Artificial intelligence (AI) has shown remarkable accuracy in identifying patients at the highest risk of developing breast cancer, surpassing the capabilities of the standard risk assessment currently used in health facilities.

 A recent study suggests that AI models can provide more accurate predictions by analysing hundreds of features in mammograms that are indicative of potential cancerous growth.

Traditional risk assessments used by doctors rely on factors such as age, race, ethnicity, family history of breast cancer and previous breast tissue analysis.

However, "only about 15 per cent to 20 per cent of women who get diagnosed with breast cancer have a known risk factor such as family history of disease or previously having a breast biopsy," Dr Vignesh Arusu, a radiologist who was part of the study and specialises in cancer imaging at the University of California, San Francisco, said.

Dr Arasu and his team sought to explore how AI technology could assist in understanding future risk levels. In their study published in the journal Radiology, the researchers analysed data from 18,000 patients who had undergone mammograms in 2016 and were followed up until 2021. Approximately 4,400 of these participants developed breast cancer within the subsequent five years.

The AI models relied on mammograms that did not initially reveal any signs of cancer yet were able to identify certain patterns and features within the breast tissue that were linked to an increased risk of developing cancer. The team compared the performance of these AI models to the commonly used Breast Cancer Surveillance Consortium (BCSC) clinical risk model.

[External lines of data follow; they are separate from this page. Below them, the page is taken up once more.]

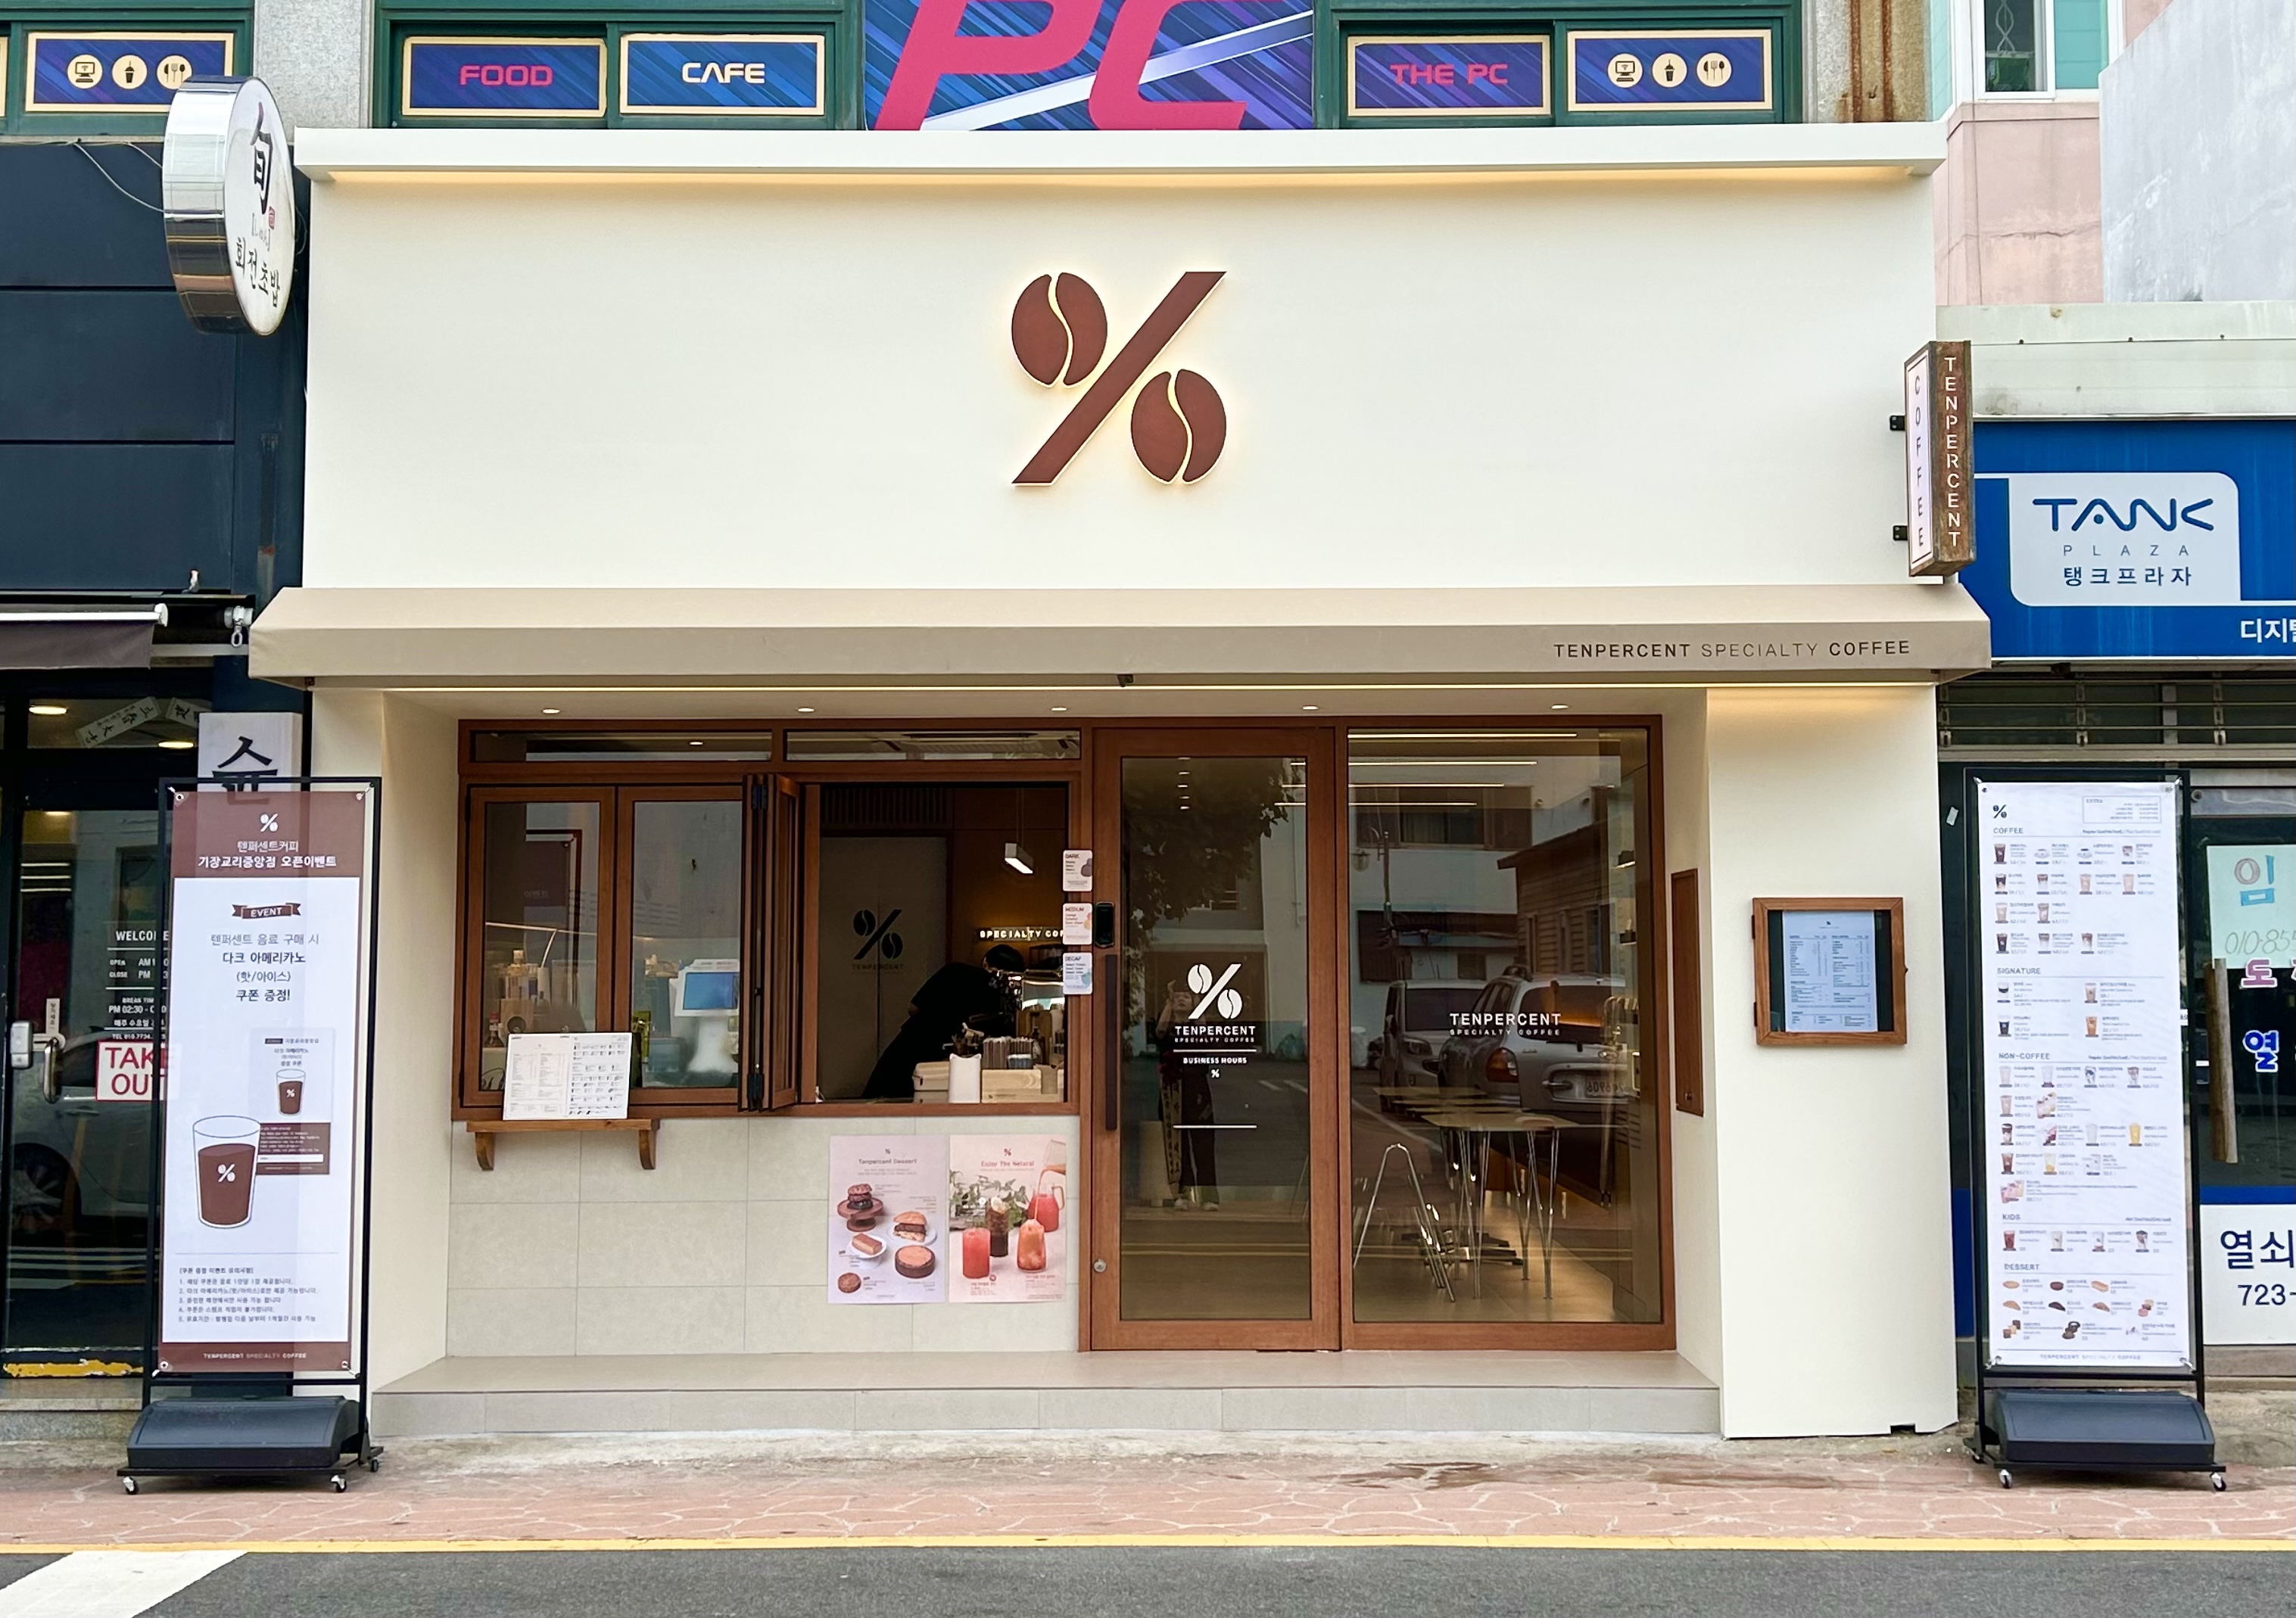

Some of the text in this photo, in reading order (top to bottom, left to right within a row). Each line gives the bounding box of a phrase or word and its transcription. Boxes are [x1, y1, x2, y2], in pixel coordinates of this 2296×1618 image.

[460, 65, 553, 86] FOOD
[682, 63, 765, 84] CAFE
[1390, 63, 1509, 86] THE PC
[235, 236, 281, 307] 회전초밥
[1944, 356, 1961, 547] TENPERCENT
[1914, 375, 1924, 548] COFFEE
[2032, 497, 2214, 532] TANK
[2063, 544, 2189, 557] PLAZA
[2064, 566, 2192, 587] 탱크프라자
[1553, 640, 1911, 658] TENPERCENT SPECIALTY COFFEE
[237, 840, 299, 853] 텐퍼센트커피
[198, 855, 337, 869] 기장교리중앙점 오픈이벤트
[250, 907, 283, 918] EVENT
[116, 930, 169, 941] WELCOE
[210, 933, 319, 946] 텐퍼센트 음료 구매 시
[980, 929, 1042, 938] SPECIALTY
[138, 958, 151, 966] AM
[223, 951, 306, 964] 다크 아메리카노
[236, 971, 291, 983] (핫/아이스)
[235, 989, 291, 1002] 쿠폰 증정!
[1450, 1013, 1562, 1026] TENPERCENT
[1174, 1025, 1257, 1036] TENPERCENT
[105, 1047, 166, 1069] TAK
[111, 1074, 165, 1095] OU
[2220, 1230, 2294, 1269] 열쇠
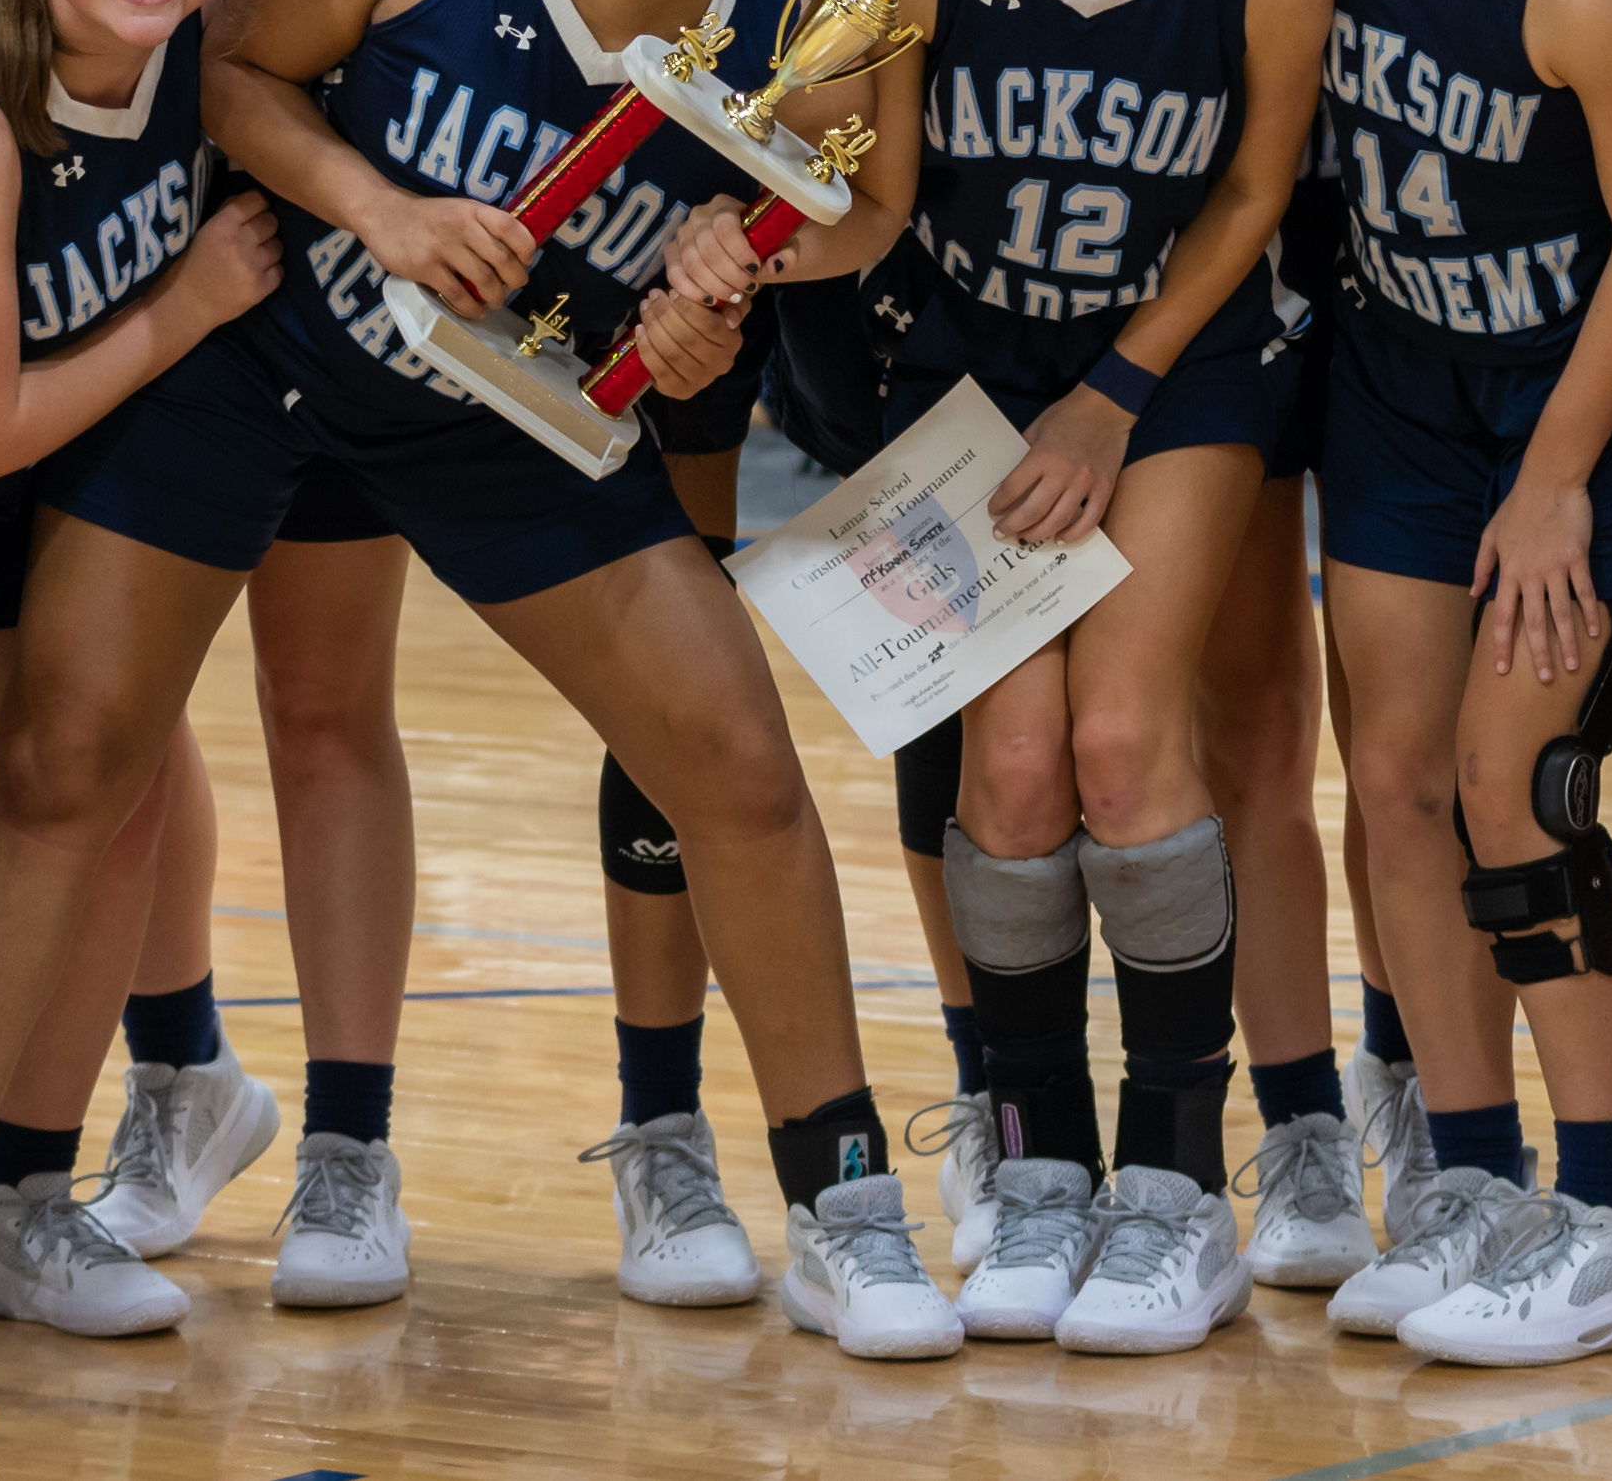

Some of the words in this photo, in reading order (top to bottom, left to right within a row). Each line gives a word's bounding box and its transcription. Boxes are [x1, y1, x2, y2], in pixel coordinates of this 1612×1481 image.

[1322, 8, 1541, 163] CKSON
[997, 178, 1131, 276] 12
[1353, 127, 1467, 237] 14
[23, 144, 210, 341] JACKSO
[1349, 206, 1579, 334] CADEMY
[791, 544, 859, 591] Christmas
[857, 517, 895, 548] Bash
[891, 448, 977, 519] Tournament
[828, 507, 870, 541] Lamar
[869, 472, 912, 511] School
[893, 515, 934, 550] recognizes
[939, 533, 953, 548] the
[849, 568, 1000, 684] All-Tournament
[906, 562, 957, 602] Girls
[917, 661, 929, 673] the
[968, 603, 1005, 634] December
[1012, 588, 1025, 601] the
[1025, 576, 1040, 592] year

The AI models outperformed the BCSC model, particularly in predicting which patients were most likely to develop breast cancer within a year of their mammogram. Patients identified as having the highest AI risk scores, ranking in the 90th percentile, accounted for 24 per cent  to 28 per cent of cancer cases, whereas the highest BCSC scores captured only 21 per cent of cases.

Dr Arasu suggests that incorporating AI alongside the traditional risk assessment model could enhance the accuracy of future breast cancer risk predictions. 

While the study demonstrated promising results, it focused primarily on a non-Hispanic, white population. Dr Arasu emphasizes the need for further research to determine the efficacy of AI models across different races and ethnicities.

Also, it is unclear how the AI models may work for cancers of different severity.